PERRYSVILLE — If there was one event that could guarantee to produce evidence to prove the existence of the elusive Bigfoot, it would be at the event planned this weekend at Pleasant Lake Hill Park.
Unless, of course, sasquatch is shy.
Hundreds of people are expected to show up for the inaugural Bigfoot Basecamp weekend scheduled Sept. 9 to 11.
“We anticipated selling out, but we didn’t realize it would be this soon (in August),” said Louis Andres, a park services specialist with the Muskingum Watershed Conservancy’s Pleasant Hill Lake Park.
There will be a host of Bigfoot-related events, most of which are free to attend after a $15 per car entrance fee.
But the ticketed events — a VIP reception dinner and townhall with a Bigfoot celebrity and a pontoon-guided tour-turned-sasquatch-search on the lake — are all sold out.
Andres attributes the swollen excitement around the event to sightings of the ape-like figure that have been reported in the area over the last 18 months.

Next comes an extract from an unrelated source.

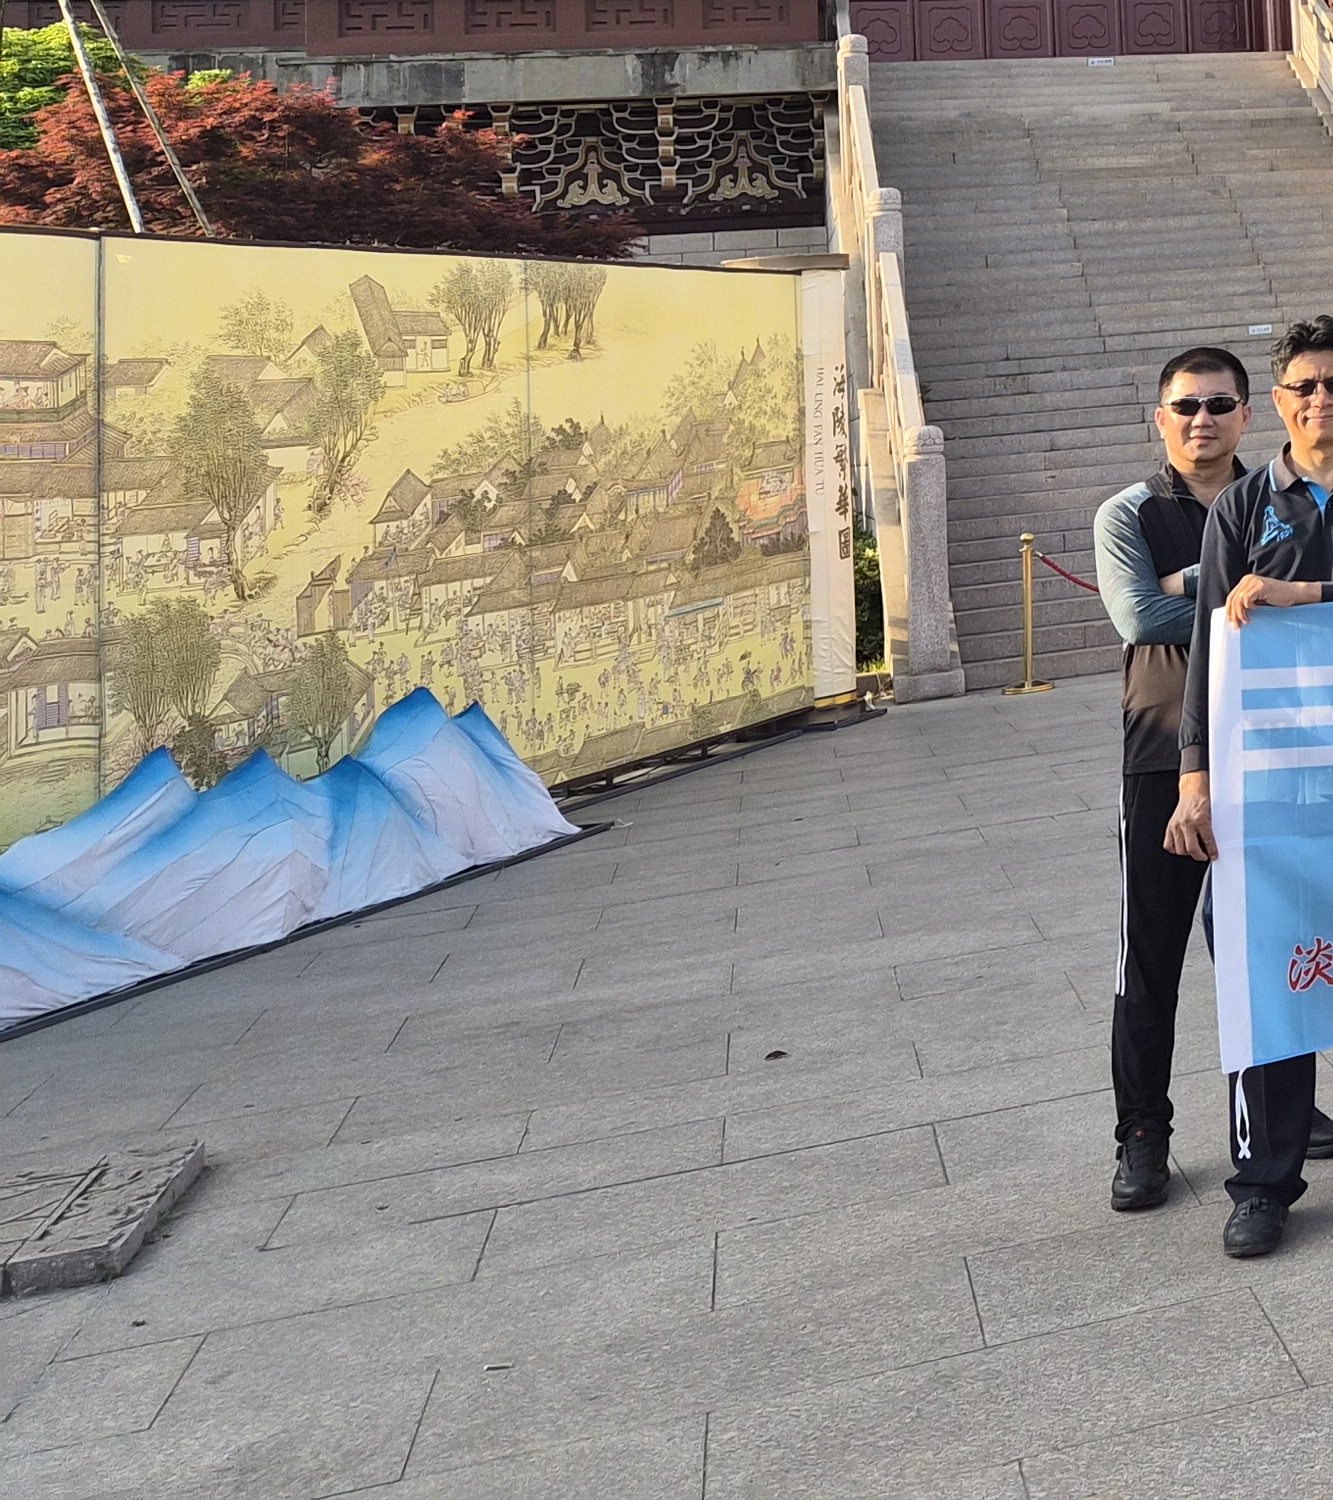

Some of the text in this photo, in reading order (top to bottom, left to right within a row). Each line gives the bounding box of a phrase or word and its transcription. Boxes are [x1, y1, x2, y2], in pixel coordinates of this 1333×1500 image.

[813, 366, 825, 496] HAI LING FAN HUA TU

Bigfoot Basecamp joins a couple other established events focused on all-things sasquatch.
The Ohio Bigfoot Conference, for example, is a symposium that has been around since 2012. It took place in April earlier this year. Its website boasts the event has grown into the “premier Bigfoot conference” of the world, drawing thousands of people to Salt Fork State Park each year.
The Hocking Hills Bigfoot Festival just wrapped its first-ever event in early August.
What separates Bigfoot Basecamp from the rest, however, is the use of burgeoning technology that promise goers the possibility of seeing Bigfoot, or whatever else is in the woods that night.
On Friday, “We’ll have a drone with a thermal camera flying over the areas where there have been really good sightings. The people, for the first time ever, will be part of our team on the ground with thermal imagers,” said Matt Moneymaker, founder of the Bigfoot Field Researchers Organization (BFRO) and host of Animal Planet’s “Finding Bigfoot,” a TV series that aired from May 2011 to May 2018.
According to Moneymaker’s BFRO database, there have been nine sightings in Ashland County since 1995, when the website was founded. Two of those sightings happened in 2021, one outside an Ashland gym and another in a field north of U.S. 30.
Ashland County is tied with Geauga and Jefferson counties for sixth when it comes to most sightings in Ohio. Portage County leads the state with 19.
Nationally, Ohio ranks number four in the most sightings with 318, behind California (459), Florida (337) and Washington (708), according to BFRO.
To Moneymaker, it makes perfect sense that Ohio ranks among the top 10 states in the U.S. for sasquatch sightings.
“Ohio has corn and deer. California’s terrain is not optimized for deer like it is in Ohio, making it an ideal habitat. It’s where a predator would find a good foundation and why I think there are so many sightings,” Moneymaker said, adding the Bigfoot — it’s believed — is omnivorous.
Andres said the event will provide a “safe place” for people who are interested in learning more about the mythical creature and allow them to share anecdotes that haven’t been reported because of stigma, Andres said.
“This will be a safe place for people to learn more, hear stories and get information on how to document their own (Bigfoot searching) activities,” he said.
Andres said he hopes to make Bigfoot Basecamp a yearly shindig and another funding source to the Muskingum Watershed Conservancy Foundation.
“All the proceeds from the event will go to the foundation, where we have a Pleasant Hill account used for recreational and educational programs,” he said.